Sign up for mobile alerts
PECO customers can sign up for text message alerts surrounding power outages, restoration times, and other important related information. The 24/7 notification system will keep you in the loop on what's going on if your power goes out. For those residing in Montgomery County, ReadyMontco is another mobile alert option. The messaging system provides notifications (which can come via text message, email address, or phone call) about severe weather, emergencies, crime alerts and disasters. Other areas, including Delaware County, have similar notification systems. Consider doing a Google search of "text message alerts for [your county]" to see if a system is in place in your area.
Cook up your meats, cheeses, and other perishable foods tonight
A pending power outage brings the perfect excuse to celebrate with a steak night. When the fridge goes out, perishable items like chicken, eggs, milk, and mayo will be the first to go bad. Cook up a feast and utilize as many of those ingredients as you can tonight.
Set your freezer and fridge to their highest settings
If your power goes out and you don't open the refrigerator or freezer door, food can stay cold in a well-packed refrigerator for up to 24 hour, and in a full freezer for 48 hours (24 hours if it is half-packed). The colder your refrigerator is to start, the better off you are.

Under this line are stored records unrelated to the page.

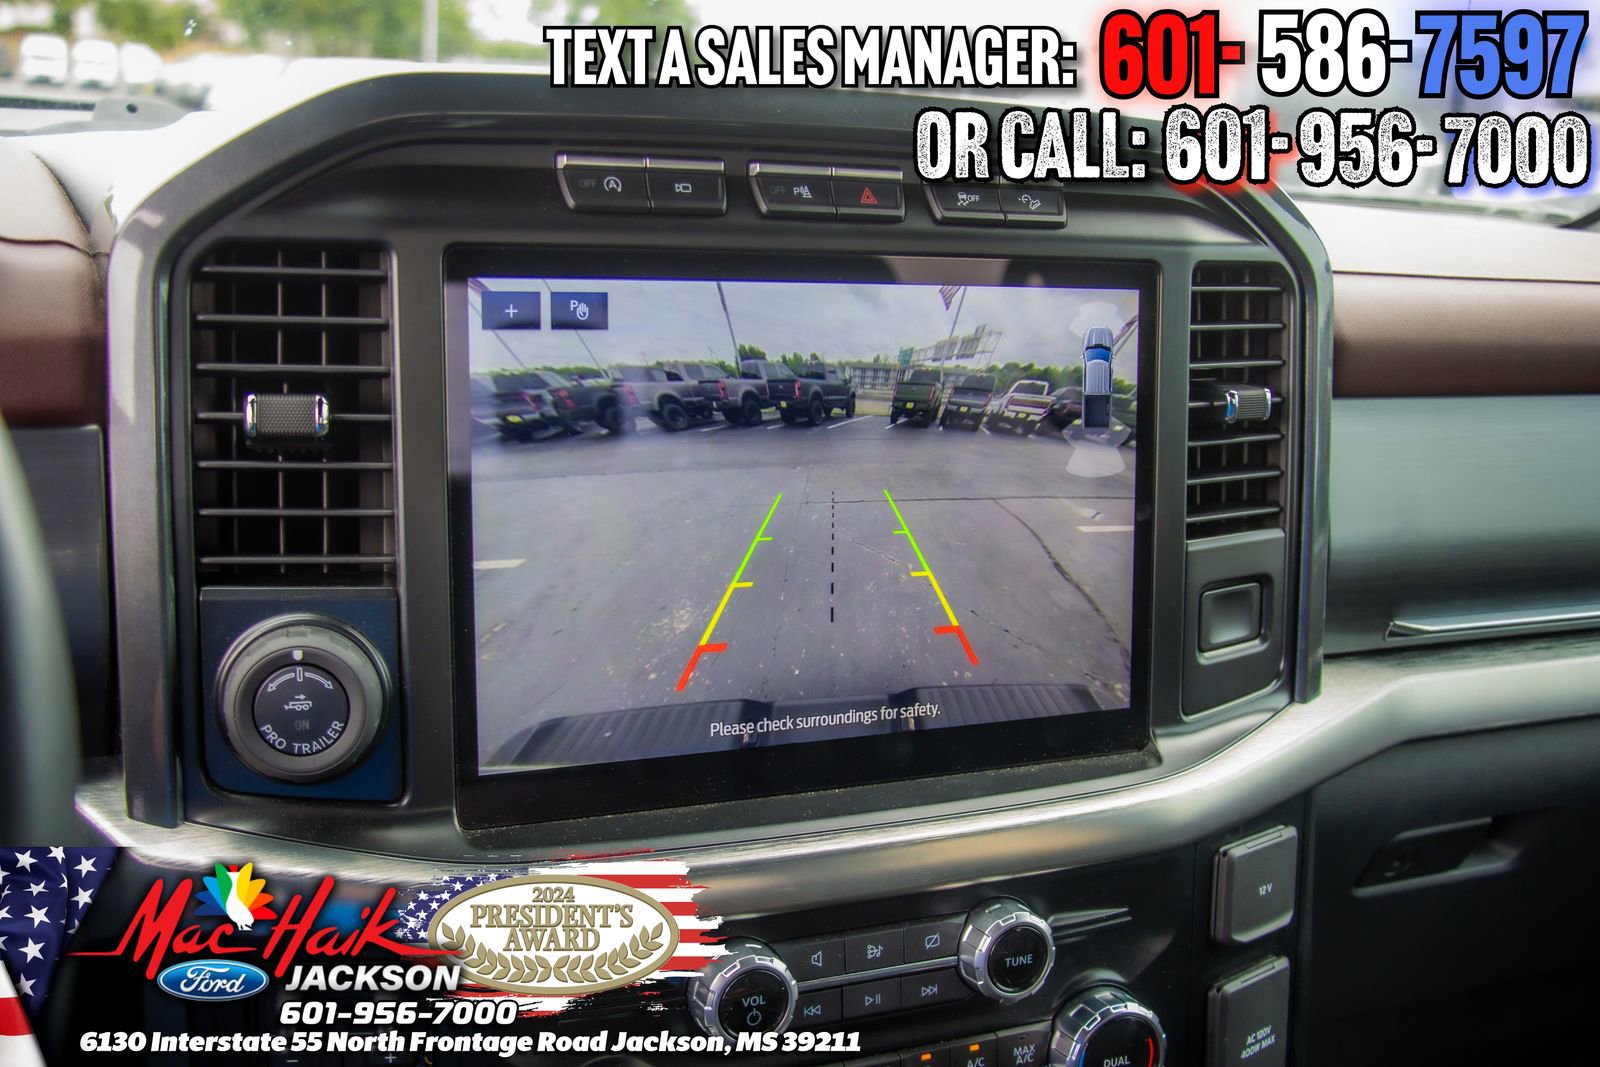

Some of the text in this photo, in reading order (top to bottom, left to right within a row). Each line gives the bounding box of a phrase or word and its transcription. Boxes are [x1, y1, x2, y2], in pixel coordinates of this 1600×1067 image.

[578, 179, 597, 188] OFF
[967, 194, 980, 202] OFF
[295, 720, 310, 730] ON
[710, 702, 941, 736] Please check surroundings for safety.
[260, 720, 344, 755] PRO TRAILER
[1005, 953, 1033, 968] TUNE
[741, 995, 766, 1007] VOL
[1013, 1044, 1035, 1056] MAX
[967, 1057, 985, 1067] A/C
[1016, 1053, 1034, 1065] A/C
[1103, 1055, 1130, 1067] DUAL

Freeze a supply of ice packs and pull out the cooler if you have medicine that requires refrigeration
In the short term, you'll be able to create your own refrigerator with the help of a cooler to use for things that must stay cold. However, for medicines, be sure to first check with your pharmacist for guidance on proper storage during an extended outage.
Have a supply of non-perishable foods onhand
If you own an electric stove, you won't be able to cook up a meal if your power goes out. Make sure you have other options available, such as fruit, bread, peanut butter, canned beans, and other easy-to-assemble meal ideas that don't require heat.
Charge all devices and any back-up chargers you might own
If you have a portable cell phone charger, now's the time to pull it out and make sure it's charged. Be sure to also keep your cell phone plugged in while the power's still on, and charge any other devices you might wish to use, like iPads and laptops.
Give your car a full tank of gas
Most gas stations have backup generators but given that the stations rely on electricity to power the pumps, you can never be too prepared. Plus, as long as the streets aren't too snowy, camping out at a friend or family's place where the power is still on can be a smart move. Be sure you're ready to go by fueling up the car in advance.
Get the board games ready to go
Power outages are often the perfect time for a little friend or family bonding. With the TV and computer shut off, a deck of cards or a classic board game can sweep in to provide hours of fun.